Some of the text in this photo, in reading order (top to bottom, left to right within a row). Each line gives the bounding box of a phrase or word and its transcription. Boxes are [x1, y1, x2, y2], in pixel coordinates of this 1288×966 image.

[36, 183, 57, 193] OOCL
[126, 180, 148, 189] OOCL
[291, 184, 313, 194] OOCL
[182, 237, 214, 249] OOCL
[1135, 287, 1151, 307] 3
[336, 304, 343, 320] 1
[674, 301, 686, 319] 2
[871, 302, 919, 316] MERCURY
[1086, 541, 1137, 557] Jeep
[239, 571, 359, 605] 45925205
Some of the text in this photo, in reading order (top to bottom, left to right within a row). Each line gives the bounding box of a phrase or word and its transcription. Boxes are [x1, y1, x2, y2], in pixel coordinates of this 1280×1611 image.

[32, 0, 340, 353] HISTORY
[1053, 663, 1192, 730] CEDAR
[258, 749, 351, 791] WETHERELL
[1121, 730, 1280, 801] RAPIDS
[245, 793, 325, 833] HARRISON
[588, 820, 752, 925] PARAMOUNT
:::::
§ Assigned task
Starting at the line with "this 1280×1611 image.", print each remaining line of the listing above exactly as it appears.

§ Written reply
Some of the text in this photo, in reading order (top to bottom, left to right within a row). Each line gives the bounding box of a phrase or word and its transcription. Boxes are [x1, y1, x2, y2], in pixel coordinates of this 1280×1611 image.

[32, 0, 340, 353] HISTORY
[1053, 663, 1192, 730] CEDAR
[258, 749, 351, 791] WETHERELL
[1121, 730, 1280, 801] RAPIDS
[245, 793, 325, 833] HARRISON
[588, 820, 752, 925] PARAMOUNT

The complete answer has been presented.